衝撃の年始(イラン編)

 奇しくも私は、年末12月16日の「学年だより№31」でイランとアメリカとの歴史的関係に言及した(→こちら)。その際、スペースの都合と、生徒に自分で調べる余地を残すという親心から、なぜアメリカとイランの仲が悪いのか、ということには触れなかった。
 まぁ、そんなことはともかく、とにかく最近の米イ関係の悪さというのは深刻である。しかし、単に米イ関係というのではなく、困るのはトランプ政権というもののどうしようもない愚かさだ。メキシコとの国境に鉄の壁を築く、イスラエルアメリカ大使館をエルサレムに移す・・・人の神経を逆なでするようなことを、よくもこのように無遠慮に行うものである。

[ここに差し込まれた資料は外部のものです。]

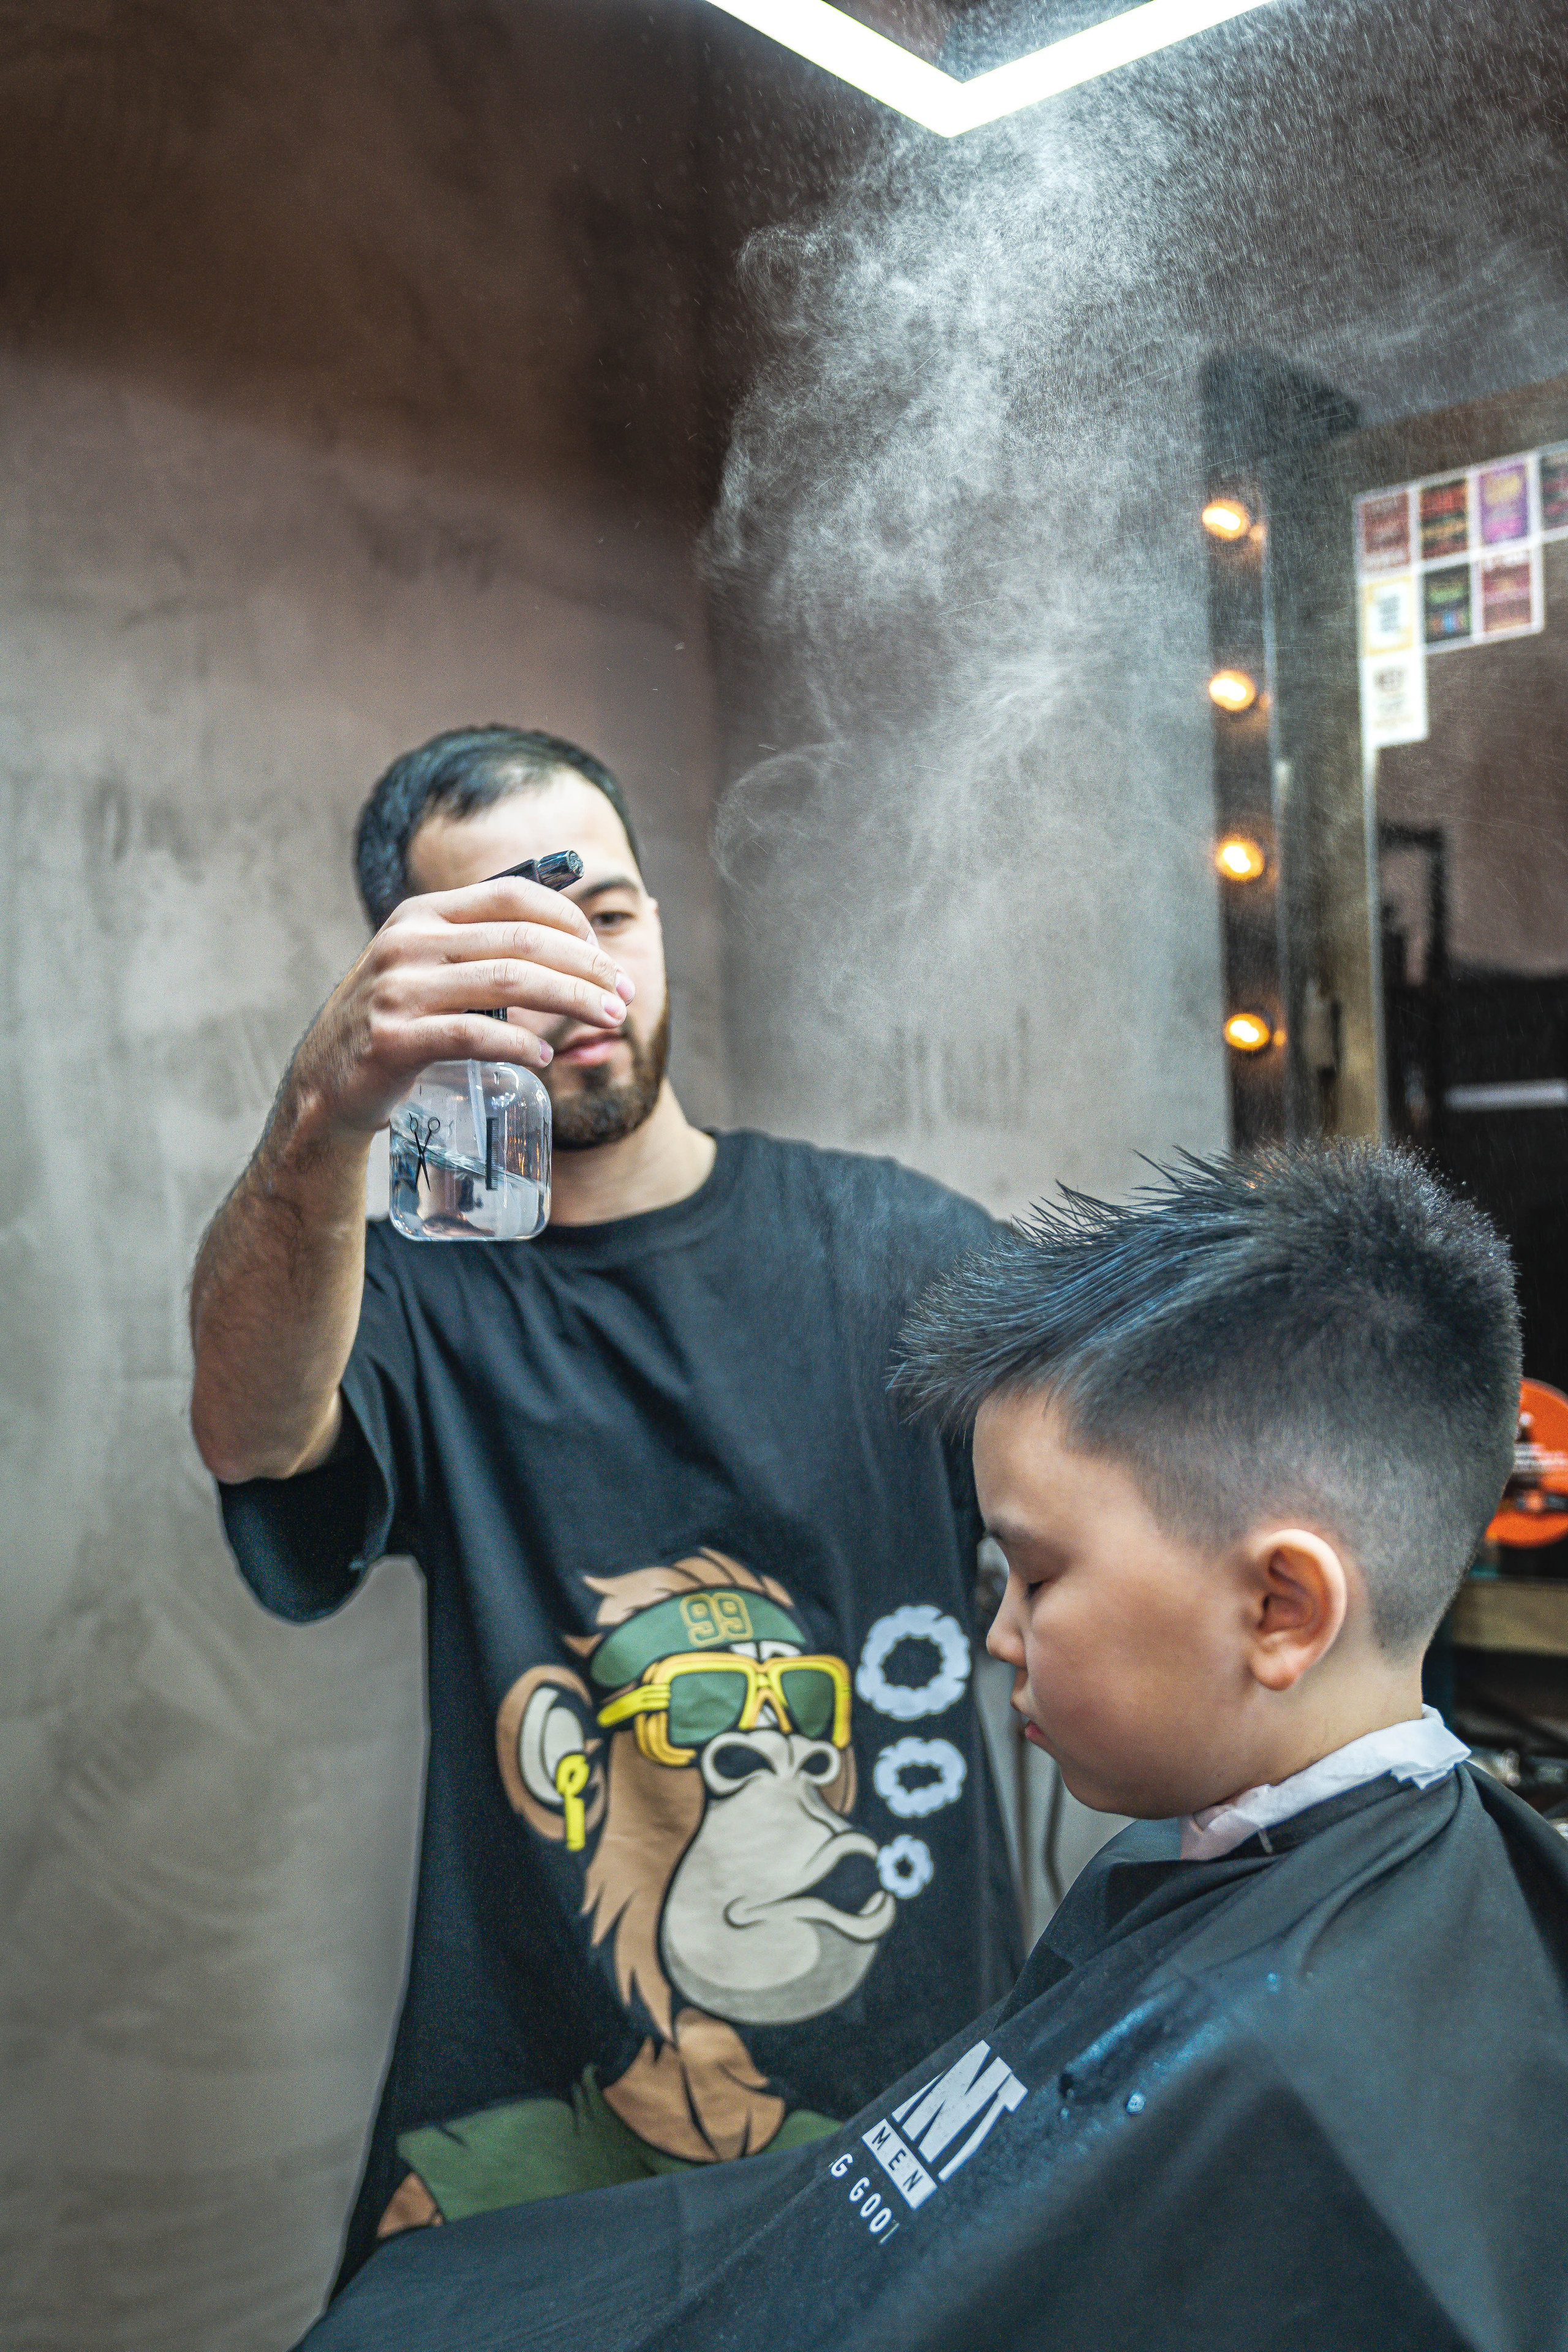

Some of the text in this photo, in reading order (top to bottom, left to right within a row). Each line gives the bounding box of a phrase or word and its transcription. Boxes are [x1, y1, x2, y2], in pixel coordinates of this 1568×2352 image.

[679, 1592, 754, 1648] 99
[828, 2152, 854, 2179] G
[871, 2125, 924, 2192] MEN

近づく大統領選挙を前に、戦争をすれば支持率が上がる、という迷信(経験則?)を信じてこの挙に及んだのではないか?そんな勘ぐりをしたくなる。
 今後へ向けて二つの可能性を考える。
 一つは、今回の事件がアメリカとイランの関係に限定された場合だ。司令官を殺害されたイランが腹を立てないわけがない。仮に、アメリカが言うとおり、イランが多くのアメリカ人の殺害を企んでいたとしても、それをイランが公に認めるわけもなく、だから司令官を殺したアメリカ側の事情も理解できる、などと考えるわけもない。メンツの問題もあって、報復は不可避だ。だが、報復すれば、アメリカはそれに数倍する、いや、数十倍もの再報復をするだろう。最終的にどちらが勝つかは明らかだ。
 残念ながら、戦争で勝つのは正しい方ではなく強い方だ(選挙も同じだね)。いくらアメリカの言い分が不当でも、おそらく、アメリカは勝ち、力尽くでイランを押さえつけるだろう。イランは煮えくりかえるような気持ちで服従せざるを得ない。それによって得られた静かな状態を「平和」と言えるだろうか?

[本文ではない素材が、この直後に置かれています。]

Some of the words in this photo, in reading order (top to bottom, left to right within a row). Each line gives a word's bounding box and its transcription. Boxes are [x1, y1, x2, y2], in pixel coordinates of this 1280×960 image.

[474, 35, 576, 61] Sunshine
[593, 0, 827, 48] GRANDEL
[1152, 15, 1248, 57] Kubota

 おそらく、表面には出て来にくくなったイラン(人)の恨み、ストレスが、何かしらの形で困った現象を生み出す。テロであればまだ分かりやすい。私などには想像もできないような、そして、米イ関係とは直接の因果関係がまったく感じられないような、何か異常な現象として表面化し、世界を混乱させ、恐怖に満ちたものにして行くに違いない。

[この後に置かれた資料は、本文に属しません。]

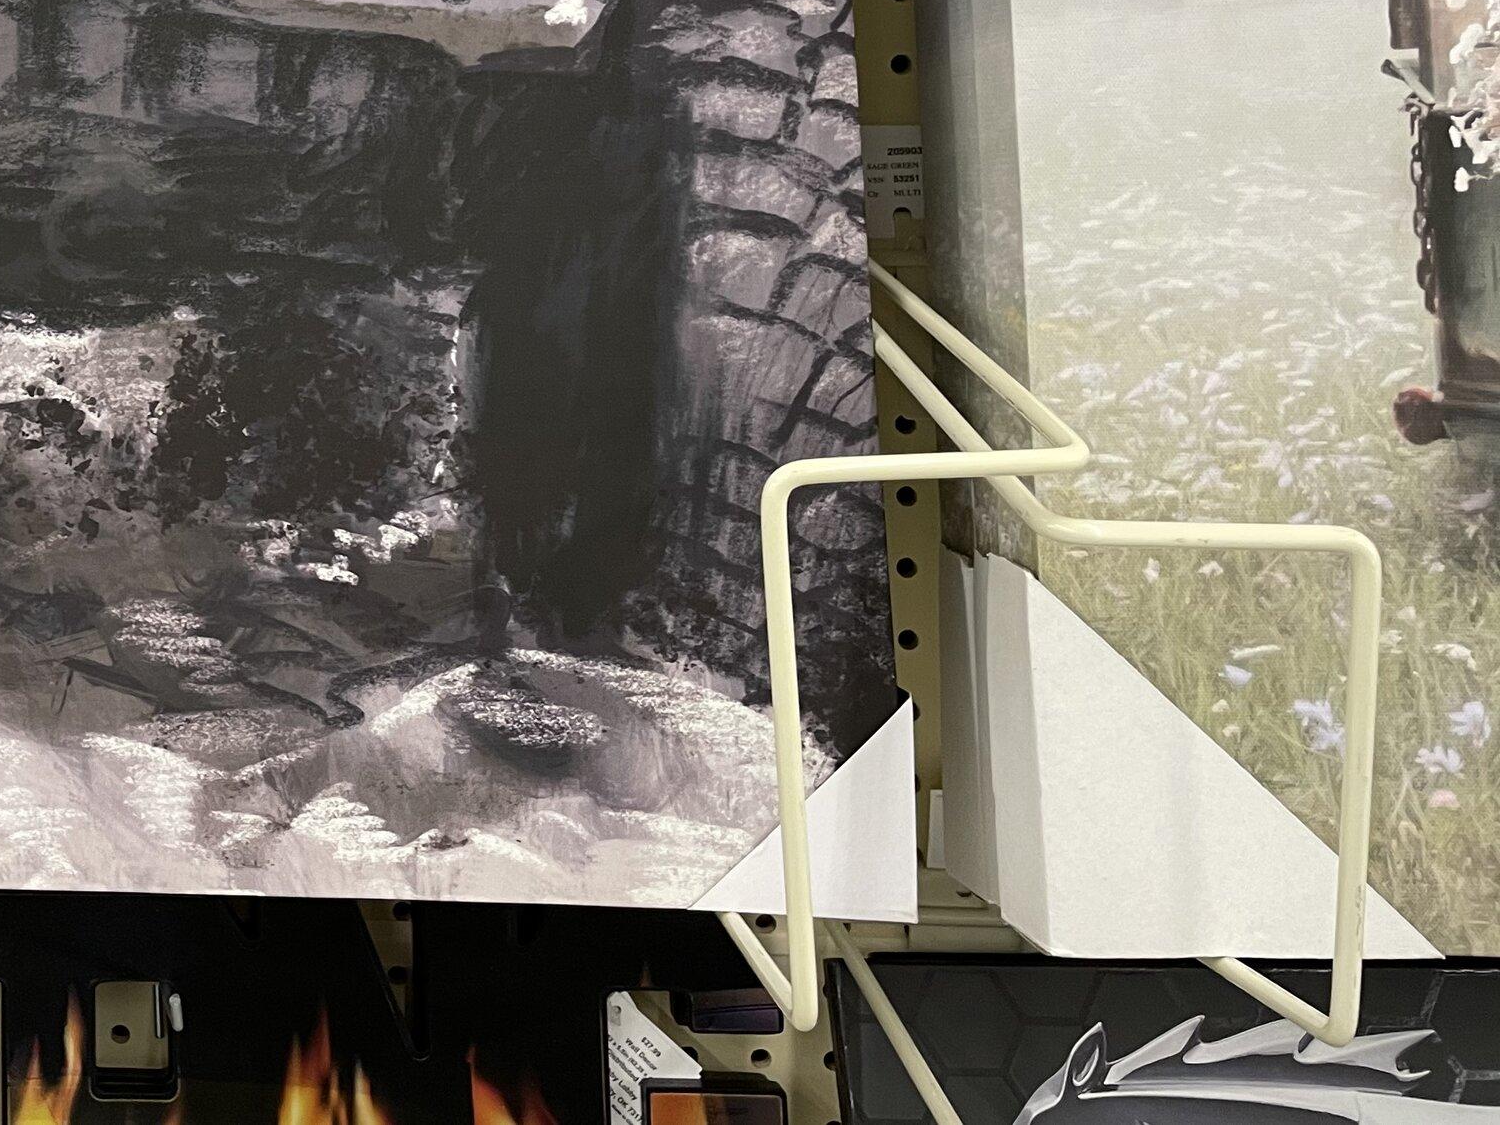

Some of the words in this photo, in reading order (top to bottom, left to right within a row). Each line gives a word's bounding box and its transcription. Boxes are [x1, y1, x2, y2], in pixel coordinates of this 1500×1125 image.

[893, 174, 919, 183] 53251
[625, 1038, 641, 1053] Wall
[617, 1097, 628, 1109] OK

 もう一つは、アメリカとイランが報復合戦を始めた時に、その他の国がどちらかに付くことによって戦争が拡大する、という場合だ。サラエボ事件をきっかけに第1次世界大戦が始まった状況を重ね合わせる人は少なくないようで、新聞でもそのような記事を既に目にした。これは予想が付かない。
 ただ、人類は全面戦争をするにはあまりにも強力な兵器を手に入れすぎてしまった。その兵器を使おうとすることは、一瞬の違いで、同様の破壊力にわが身を晒すことになってしまう。残念ながら、人間の自制心は、維持されるとすれば、ただそんな恐怖心によってなのではないか?
 「自分が見たいと思うものしか見えない」(カエサル)人間は、「勝てる」と信じがちだし、一度そう信じてしまうと、他の発想はできなくなってしまう可能性がある。そして、戦争が始まると、既に出てしまった犠牲を惜しんで、更に後へは引けなくなる(コンコルドの法則)。そこにメンツの問題が絡んでくると、事態はなおのこと難しい。
 サラエボ事件からオーストリアセルビアとの戦争が始まるまで1ヶ月、世界大戦へと拡大するまでにはそれから1ヶ月しかかかっていない。世の中は変わり始めると、連鎖反応によって、あっという間に変わるのである。油断してはいけない。
 話を元に戻そう。
 トランプを大統領にしたのはアメリカ国民だ。弾劾裁判の実施が決まっても、むしろそれをきっかけに支持率が上がるとも言われている。イラン軍司令官殺害、それをきっかけとする報復合戦で更に支持率が上がるようなことになれば・・・人の世はおかしい。